Un campo rom. Foto di repertorio  (Newpress)
Un campo rom. Foto di repertorio (Newpress)

Roma, 18 giugno 2018 - Infuria la polemica sulle dichiarazioni di Matteo Salvini che vuole fare un censimento sui rom in Italia e sulla base di quello espellere poi gli irregolari La Nazione Rom fa sapere che "il dossier esiste già ed è stato elaborato dall'Istat nel 2017", ma quanti sono davvero i cittadini di origine rom e sinti presenti nel nostro Paese. Secondo i dati dell'ultimo rapporto dell'Associazione 21 luglio sono tra 120 e 180mila, 26mila dei quali vivono in emergenza abitativa in baraccopoli formali (insediamenti gestiti dalle amministrazioni locali) e informali ('campi abusivi') o nei centri di raccolta monoetnici.

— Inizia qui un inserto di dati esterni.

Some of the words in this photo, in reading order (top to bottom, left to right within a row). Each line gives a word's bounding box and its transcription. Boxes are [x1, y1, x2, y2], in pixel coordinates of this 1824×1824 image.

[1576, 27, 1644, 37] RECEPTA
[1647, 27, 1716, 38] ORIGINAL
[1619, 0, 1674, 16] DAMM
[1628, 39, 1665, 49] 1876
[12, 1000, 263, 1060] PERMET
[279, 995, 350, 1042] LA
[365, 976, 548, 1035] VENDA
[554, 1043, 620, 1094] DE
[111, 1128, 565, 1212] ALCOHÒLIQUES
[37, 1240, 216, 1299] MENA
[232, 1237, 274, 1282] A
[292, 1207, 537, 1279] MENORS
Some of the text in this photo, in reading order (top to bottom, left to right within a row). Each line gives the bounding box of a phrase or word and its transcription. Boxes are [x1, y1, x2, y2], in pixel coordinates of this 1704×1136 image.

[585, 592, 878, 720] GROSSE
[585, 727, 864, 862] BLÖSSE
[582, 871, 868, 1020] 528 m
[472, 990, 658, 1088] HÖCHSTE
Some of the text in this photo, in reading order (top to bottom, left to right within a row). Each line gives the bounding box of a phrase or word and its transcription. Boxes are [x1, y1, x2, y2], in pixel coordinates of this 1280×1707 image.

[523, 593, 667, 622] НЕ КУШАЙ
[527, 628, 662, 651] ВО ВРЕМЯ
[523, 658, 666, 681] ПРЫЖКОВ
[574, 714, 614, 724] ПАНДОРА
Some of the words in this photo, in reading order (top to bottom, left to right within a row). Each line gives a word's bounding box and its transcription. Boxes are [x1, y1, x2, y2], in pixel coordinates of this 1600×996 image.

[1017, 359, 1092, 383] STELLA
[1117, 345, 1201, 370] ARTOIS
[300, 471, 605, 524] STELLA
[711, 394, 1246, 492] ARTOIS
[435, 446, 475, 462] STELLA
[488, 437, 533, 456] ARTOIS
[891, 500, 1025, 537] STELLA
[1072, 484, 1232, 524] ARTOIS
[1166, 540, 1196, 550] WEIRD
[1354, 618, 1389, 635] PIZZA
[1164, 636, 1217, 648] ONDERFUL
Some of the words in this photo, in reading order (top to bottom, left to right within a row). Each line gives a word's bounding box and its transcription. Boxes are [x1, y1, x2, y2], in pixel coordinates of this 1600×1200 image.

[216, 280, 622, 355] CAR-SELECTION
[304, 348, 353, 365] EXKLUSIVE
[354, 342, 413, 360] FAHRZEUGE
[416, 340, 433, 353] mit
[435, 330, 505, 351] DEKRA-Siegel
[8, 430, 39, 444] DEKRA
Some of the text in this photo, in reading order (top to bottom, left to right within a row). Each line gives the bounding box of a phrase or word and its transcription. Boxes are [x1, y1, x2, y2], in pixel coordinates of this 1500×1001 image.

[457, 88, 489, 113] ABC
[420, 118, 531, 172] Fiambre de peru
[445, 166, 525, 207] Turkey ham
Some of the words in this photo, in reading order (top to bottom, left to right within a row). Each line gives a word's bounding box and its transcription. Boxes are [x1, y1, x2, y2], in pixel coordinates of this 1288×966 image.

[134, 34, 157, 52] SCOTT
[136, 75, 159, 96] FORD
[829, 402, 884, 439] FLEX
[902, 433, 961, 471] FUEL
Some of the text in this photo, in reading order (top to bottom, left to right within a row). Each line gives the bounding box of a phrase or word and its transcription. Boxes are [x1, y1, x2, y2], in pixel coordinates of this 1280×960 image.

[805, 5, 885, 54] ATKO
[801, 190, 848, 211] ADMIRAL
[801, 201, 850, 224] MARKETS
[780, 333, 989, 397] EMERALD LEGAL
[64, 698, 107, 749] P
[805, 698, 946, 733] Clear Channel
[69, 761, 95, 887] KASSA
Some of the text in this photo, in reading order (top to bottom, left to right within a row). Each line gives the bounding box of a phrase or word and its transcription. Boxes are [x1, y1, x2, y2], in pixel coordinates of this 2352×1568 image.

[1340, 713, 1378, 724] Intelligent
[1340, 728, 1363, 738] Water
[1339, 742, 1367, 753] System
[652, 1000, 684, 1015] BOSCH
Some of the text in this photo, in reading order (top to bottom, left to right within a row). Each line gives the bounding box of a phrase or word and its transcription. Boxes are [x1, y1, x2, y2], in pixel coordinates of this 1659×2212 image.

Le baraccopoli formali sono 148, distribuite in 87 comuni di 16 regioni da Nord a Sud, per un totale di circa 16.400 abitanti, mentre 9.600 è il numero di presenze stimato all'interno di insediamenti informali. Dei rom e sinti residenti nelle baraccopoli formali si stima che il 43% abbia la cittadinanza italiana mentre sono 9.600 i rom originari dell'ex Jugoslavia di cui circa il 30% - pari a 3 mila - è a rischio apolidia. Nelle baraccopoli informali e nei micro insediamenti vivono nell'86% dei casi cittadini di origine romena. 

A vivere sulla propria pelle le tragiche conseguenze della segregazione abitativa sono molti minori, il 55% secondo le stime di Associazione 21 luglio "con gravi ripercussioni sulla salute psico-fisica e sul loro percorso educativo e scolastico". A incidere sui livelli di scolarizzazione contribuiscono in modo significativo sia le condizioni abitative sia la forte catena di vulnerabilità perpetrata dalle operazioni di sgombero forzato attuate in assenza delle garanzie procedurali previste dai diversi Comitati delle Nazioni Unite. 

Associazione 21 luglio ha registrato in tutto il 2017 un totale di 230 operazioni: 96 nel Nord, 91 al Centro (di cui 33 nella città di Roma) e 43 nel Sud. Proprio Roma detiene il triste primato del maggior numero di insediamenti presenti, 17 in totale di cui 6 formali e 11 cosiddetti "tollerati". "Nella capitale - denuncia il rapporto - nonostante le aspettative create a fine 2016 con la Memoria di Giunta e il 'Progetto di Inclusione Rom' presentato dalla sindaca Raggi che aveva come obiettivo il graduale superamento dei 'campi' presenti all'interno della città, nel 2017 non è stato di fatto avviato alcun processo di inclusione". 

Il giudizio degli Enti internazionali ed europei di monitoraggio sui diritti umani appare impietoso: anche nel 2017 l'Italia ha continuato a essere il "Paese dei campi", "perseverando nell'utilizzo di politiche discriminatorie e segreganti nei confronti delle popolazioni rom e sinti presenti sul territorio nazionale oltre che nelle persistenti operazioni di sgombero forzato".